Dear Peter Vincent,
I’m sure you remember the time you told a young Charley Brewster, “Apparently your generation doesn’t want to see vampire killers anymore, nor vampires either. All they want to see are slashers running around in ski masks, hacking up young virgins.”
In 1985, that statement was gospel. The monsters of old – the vampires and werewolves and mad scientists – were replaced with slashers like Freddy Krueger, Jason Voorhees and Michael Myers.
In the ’90s, those classic monsters were dusted off and re-packaged in big budget Hollywood films like Francis Ford Coppola’s Dracula and Mary Shelley’s Frankenstein. Films like Interview with the Vampire kept Gothic horror alive after audiences grew tired of being bombarded with slasher films.

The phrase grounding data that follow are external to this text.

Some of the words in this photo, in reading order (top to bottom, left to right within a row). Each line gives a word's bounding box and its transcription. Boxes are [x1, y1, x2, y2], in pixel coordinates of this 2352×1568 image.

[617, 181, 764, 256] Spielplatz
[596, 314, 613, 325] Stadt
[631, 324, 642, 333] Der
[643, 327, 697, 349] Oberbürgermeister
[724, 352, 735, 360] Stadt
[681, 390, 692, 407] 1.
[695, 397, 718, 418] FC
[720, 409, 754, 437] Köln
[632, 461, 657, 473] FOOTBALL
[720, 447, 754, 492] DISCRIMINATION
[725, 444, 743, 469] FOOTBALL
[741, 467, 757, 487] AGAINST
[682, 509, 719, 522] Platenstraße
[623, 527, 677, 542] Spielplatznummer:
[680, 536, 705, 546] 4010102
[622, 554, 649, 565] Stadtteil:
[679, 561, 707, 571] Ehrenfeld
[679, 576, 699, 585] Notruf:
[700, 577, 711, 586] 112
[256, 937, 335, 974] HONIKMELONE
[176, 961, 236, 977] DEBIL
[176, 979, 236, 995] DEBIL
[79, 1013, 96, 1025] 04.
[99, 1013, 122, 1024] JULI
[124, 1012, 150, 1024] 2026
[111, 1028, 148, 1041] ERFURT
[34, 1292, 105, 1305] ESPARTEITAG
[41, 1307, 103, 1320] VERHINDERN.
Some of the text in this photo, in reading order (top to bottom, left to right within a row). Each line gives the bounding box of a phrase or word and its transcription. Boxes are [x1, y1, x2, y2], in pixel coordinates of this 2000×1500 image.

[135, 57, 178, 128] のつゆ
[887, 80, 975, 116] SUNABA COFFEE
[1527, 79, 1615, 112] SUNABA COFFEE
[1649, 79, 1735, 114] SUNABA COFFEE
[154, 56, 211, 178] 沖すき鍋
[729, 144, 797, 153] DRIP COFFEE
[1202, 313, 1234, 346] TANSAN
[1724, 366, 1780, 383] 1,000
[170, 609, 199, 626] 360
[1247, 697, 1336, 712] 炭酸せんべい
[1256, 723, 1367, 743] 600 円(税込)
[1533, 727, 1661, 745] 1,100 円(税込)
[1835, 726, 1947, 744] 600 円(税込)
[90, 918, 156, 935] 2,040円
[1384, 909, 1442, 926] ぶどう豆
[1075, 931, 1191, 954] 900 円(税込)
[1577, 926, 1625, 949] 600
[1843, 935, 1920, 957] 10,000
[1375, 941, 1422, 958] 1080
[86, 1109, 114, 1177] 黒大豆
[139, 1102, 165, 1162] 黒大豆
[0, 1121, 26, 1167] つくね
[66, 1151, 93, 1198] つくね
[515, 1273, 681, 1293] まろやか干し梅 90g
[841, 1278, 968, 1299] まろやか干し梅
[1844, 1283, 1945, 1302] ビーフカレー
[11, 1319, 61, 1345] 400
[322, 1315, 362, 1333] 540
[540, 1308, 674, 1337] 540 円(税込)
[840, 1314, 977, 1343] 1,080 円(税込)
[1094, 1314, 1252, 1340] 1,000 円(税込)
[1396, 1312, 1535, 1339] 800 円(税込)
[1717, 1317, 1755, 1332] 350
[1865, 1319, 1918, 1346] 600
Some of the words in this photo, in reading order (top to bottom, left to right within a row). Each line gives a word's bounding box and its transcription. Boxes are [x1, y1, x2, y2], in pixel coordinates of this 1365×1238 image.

In 2010, however, the current generation is absolutely obsessed with vampire killers and vampires – and yet, I wonder if you would be thrilled by that fact, or disgusted. A show like ”Fright Night” would probably get lost in the mix between ”Buffy the Vampire Slayer”, ”True Blood”, ”Twilight”, ”Vampire Diaries”, ”The Gates”, ”Let The Right One In”, ”30 Days of Night” — I could literally go on for pages just listing films and television shows about vampires, Mr. Vincent.
I suppose in the late ’90s and early 2000s there was a Zombie boom – films like ”28 Days Later” and Zack Snyder’s remake of ”Dawn of the Dead” paved the way for new films about the undead, but this whole vampire craze is getting out of hand. In fact, it’s about time a vampire killer (such as yourself) came to save us from this plague upon pop culture.
Mr. Vincent, If you receive this letter, please take my offer into serious consideration. These new guys – the Edwards and Damons of this world – are nothing compared to Jerry Dandridge. They should be of little challenge, then again, they don’t exhibit the characteristics of the vampire you’ve come to know and hunt and slay.
These vampires walk in sunlight, in fact, their skin sparkles. They’re unmoved by garlic or a crucifix – they often cast shadows and mirrors catch their reflection, which makes them rather hard to track down. Some of them don’t even hunt humans or drink blood – and yet there is a generation fascinated with these watered-down pathetic creatures.
I’ve got a $500 bank bond I would gladly give you in exchange for your services. Please, Mr. Vincent, I’m begging you…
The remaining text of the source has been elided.